▶ [EXERCISE PROMPT]: Repeat the entries exactly. Leave nothing out.

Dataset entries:
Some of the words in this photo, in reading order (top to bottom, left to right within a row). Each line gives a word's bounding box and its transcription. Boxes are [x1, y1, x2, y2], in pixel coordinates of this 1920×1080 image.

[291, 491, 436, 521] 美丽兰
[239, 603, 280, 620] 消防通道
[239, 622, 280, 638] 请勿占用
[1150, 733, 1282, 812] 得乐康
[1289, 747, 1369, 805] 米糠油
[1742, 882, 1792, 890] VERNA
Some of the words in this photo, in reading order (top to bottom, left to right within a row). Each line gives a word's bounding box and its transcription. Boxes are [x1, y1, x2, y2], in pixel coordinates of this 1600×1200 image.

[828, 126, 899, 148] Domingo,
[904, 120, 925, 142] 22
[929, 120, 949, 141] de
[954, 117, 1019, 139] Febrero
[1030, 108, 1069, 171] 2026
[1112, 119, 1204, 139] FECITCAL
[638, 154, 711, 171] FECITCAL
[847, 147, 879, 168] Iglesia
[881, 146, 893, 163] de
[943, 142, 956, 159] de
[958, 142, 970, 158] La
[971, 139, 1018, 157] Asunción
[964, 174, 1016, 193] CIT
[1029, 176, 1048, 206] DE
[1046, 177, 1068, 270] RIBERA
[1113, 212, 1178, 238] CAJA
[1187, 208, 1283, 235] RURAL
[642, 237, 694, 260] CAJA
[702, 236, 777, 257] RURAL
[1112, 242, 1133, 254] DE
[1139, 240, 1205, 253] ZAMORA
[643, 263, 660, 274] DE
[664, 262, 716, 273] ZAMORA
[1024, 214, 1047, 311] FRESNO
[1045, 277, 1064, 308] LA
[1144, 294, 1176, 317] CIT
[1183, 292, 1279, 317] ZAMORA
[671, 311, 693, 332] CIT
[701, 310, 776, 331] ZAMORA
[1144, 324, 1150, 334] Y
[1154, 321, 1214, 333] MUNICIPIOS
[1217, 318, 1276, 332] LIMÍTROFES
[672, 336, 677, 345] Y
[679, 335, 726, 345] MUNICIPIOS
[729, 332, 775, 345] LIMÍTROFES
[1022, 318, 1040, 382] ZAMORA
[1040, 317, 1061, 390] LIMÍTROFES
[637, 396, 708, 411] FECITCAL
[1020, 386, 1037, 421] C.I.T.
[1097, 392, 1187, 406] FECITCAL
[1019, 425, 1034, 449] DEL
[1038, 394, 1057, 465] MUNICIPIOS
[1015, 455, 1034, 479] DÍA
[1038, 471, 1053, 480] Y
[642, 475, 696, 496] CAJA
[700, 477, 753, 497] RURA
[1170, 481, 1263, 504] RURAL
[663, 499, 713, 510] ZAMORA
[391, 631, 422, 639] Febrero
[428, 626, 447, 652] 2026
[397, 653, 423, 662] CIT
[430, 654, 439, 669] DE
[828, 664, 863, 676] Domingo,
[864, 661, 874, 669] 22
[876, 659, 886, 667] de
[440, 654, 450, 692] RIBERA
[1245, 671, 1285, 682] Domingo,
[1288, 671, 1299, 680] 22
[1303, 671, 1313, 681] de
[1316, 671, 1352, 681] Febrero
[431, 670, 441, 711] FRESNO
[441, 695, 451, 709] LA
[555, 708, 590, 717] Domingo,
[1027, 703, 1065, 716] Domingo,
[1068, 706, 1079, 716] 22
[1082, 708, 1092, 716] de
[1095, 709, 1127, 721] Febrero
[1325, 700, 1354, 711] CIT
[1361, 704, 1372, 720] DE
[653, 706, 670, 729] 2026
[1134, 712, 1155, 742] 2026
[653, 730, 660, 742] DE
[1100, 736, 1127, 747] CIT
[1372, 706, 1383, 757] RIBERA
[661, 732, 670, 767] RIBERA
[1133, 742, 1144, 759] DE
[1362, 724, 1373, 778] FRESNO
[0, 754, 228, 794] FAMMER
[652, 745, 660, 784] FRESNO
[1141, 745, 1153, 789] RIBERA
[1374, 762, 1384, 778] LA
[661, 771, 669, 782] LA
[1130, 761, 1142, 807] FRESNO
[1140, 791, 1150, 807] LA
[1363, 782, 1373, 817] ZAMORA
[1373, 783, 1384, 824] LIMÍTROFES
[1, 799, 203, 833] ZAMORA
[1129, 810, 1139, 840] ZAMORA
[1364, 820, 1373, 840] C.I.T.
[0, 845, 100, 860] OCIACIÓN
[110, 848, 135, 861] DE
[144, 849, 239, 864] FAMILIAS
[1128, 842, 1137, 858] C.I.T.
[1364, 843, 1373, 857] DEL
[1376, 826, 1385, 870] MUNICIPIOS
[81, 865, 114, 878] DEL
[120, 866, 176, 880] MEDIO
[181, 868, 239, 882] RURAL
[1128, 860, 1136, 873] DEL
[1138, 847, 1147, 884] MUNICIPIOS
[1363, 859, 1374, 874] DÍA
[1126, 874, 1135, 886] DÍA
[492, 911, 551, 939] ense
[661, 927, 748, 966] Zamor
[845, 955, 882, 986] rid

▶ [ANSWER SECTION]:
Some of the words in this photo, in reading order (top to bottom, left to right within a row). Each line gives a word's bounding box and its transcription. Boxes are [x1, y1, x2, y2], in pixel coordinates of this 1920×1080 image.

[291, 491, 436, 521] 美丽兰
[239, 603, 280, 620] 消防通道
[239, 622, 280, 638] 请勿占用
[1150, 733, 1282, 812] 得乐康
[1289, 747, 1369, 805] 米糠油
[1742, 882, 1792, 890] VERNA
Some of the words in this photo, in reading order (top to bottom, left to right within a row). Each line gives a word's bounding box and its transcription. Boxes are [x1, y1, x2, y2], in pixel coordinates of this 1600×1200 image.

[828, 126, 899, 148] Domingo,
[904, 120, 925, 142] 22
[929, 120, 949, 141] de
[954, 117, 1019, 139] Febrero
[1030, 108, 1069, 171] 2026
[1112, 119, 1204, 139] FECITCAL
[638, 154, 711, 171] FECITCAL
[847, 147, 879, 168] Iglesia
[881, 146, 893, 163] de
[943, 142, 956, 159] de
[958, 142, 970, 158] La
[971, 139, 1018, 157] Asunción
[964, 174, 1016, 193] CIT
[1029, 176, 1048, 206] DE
[1046, 177, 1068, 270] RIBERA
[1113, 212, 1178, 238] CAJA
[1187, 208, 1283, 235] RURAL
[642, 237, 694, 260] CAJA
[702, 236, 777, 257] RURAL
[1112, 242, 1133, 254] DE
[1139, 240, 1205, 253] ZAMORA
[643, 263, 660, 274] DE
[664, 262, 716, 273] ZAMORA
[1024, 214, 1047, 311] FRESNO
[1045, 277, 1064, 308] LA
[1144, 294, 1176, 317] CIT
[1183, 292, 1279, 317] ZAMORA
[671, 311, 693, 332] CIT
[701, 310, 776, 331] ZAMORA
[1144, 324, 1150, 334] Y
[1154, 321, 1214, 333] MUNICIPIOS
[1217, 318, 1276, 332] LIMÍTROFES
[672, 336, 677, 345] Y
[679, 335, 726, 345] MUNICIPIOS
[729, 332, 775, 345] LIMÍTROFES
[1022, 318, 1040, 382] ZAMORA
[1040, 317, 1061, 390] LIMÍTROFES
[637, 396, 708, 411] FECITCAL
[1020, 386, 1037, 421] C.I.T.
[1097, 392, 1187, 406] FECITCAL
[1019, 425, 1034, 449] DEL
[1038, 394, 1057, 465] MUNICIPIOS
[1015, 455, 1034, 479] DÍA
[1038, 471, 1053, 480] Y
[642, 475, 696, 496] CAJA
[700, 477, 753, 497] RURA
[1170, 481, 1263, 504] RURAL
[663, 499, 713, 510] ZAMORA
[391, 631, 422, 639] Febrero
[428, 626, 447, 652] 2026
[397, 653, 423, 662] CIT
[430, 654, 439, 669] DE
[828, 664, 863, 676] Domingo,
[864, 661, 874, 669] 22
[876, 659, 886, 667] de
[440, 654, 450, 692] RIBERA
[1245, 671, 1285, 682] Domingo,
[1288, 671, 1299, 680] 22
[1303, 671, 1313, 681] de
[1316, 671, 1352, 681] Febrero
[431, 670, 441, 711] FRESNO
[441, 695, 451, 709] LA
[555, 708, 590, 717] Domingo,
[1027, 703, 1065, 716] Domingo,
[1068, 706, 1079, 716] 22
[1082, 708, 1092, 716] de
[1095, 709, 1127, 721] Febrero
[1325, 700, 1354, 711] CIT
[1361, 704, 1372, 720] DE
[653, 706, 670, 729] 2026
[1134, 712, 1155, 742] 2026
[653, 730, 660, 742] DE
[1100, 736, 1127, 747] CIT
[1372, 706, 1383, 757] RIBERA
[661, 732, 670, 767] RIBERA
[1133, 742, 1144, 759] DE
[1362, 724, 1373, 778] FRESNO
[0, 754, 228, 794] FAMMER
[652, 745, 660, 784] FRESNO
[1141, 745, 1153, 789] RIBERA
[1374, 762, 1384, 778] LA
[661, 771, 669, 782] LA
[1130, 761, 1142, 807] FRESNO
[1140, 791, 1150, 807] LA
[1363, 782, 1373, 817] ZAMORA
[1373, 783, 1384, 824] LIMÍTROFES
[1, 799, 203, 833] ZAMORA
[1129, 810, 1139, 840] ZAMORA
[1364, 820, 1373, 840] C.I.T.
[0, 845, 100, 860] OCIACIÓN
[110, 848, 135, 861] DE
[144, 849, 239, 864] FAMILIAS
[1128, 842, 1137, 858] C.I.T.
[1364, 843, 1373, 857] DEL
[1376, 826, 1385, 870] MUNICIPIOS
[81, 865, 114, 878] DEL
[120, 866, 176, 880] MEDIO
[181, 868, 239, 882] RURAL
[1128, 860, 1136, 873] DEL
[1138, 847, 1147, 884] MUNICIPIOS
[1363, 859, 1374, 874] DÍA
[1126, 874, 1135, 886] DÍA
[492, 911, 551, 939] ense
[661, 927, 748, 966] Zamor
[845, 955, 882, 986] rid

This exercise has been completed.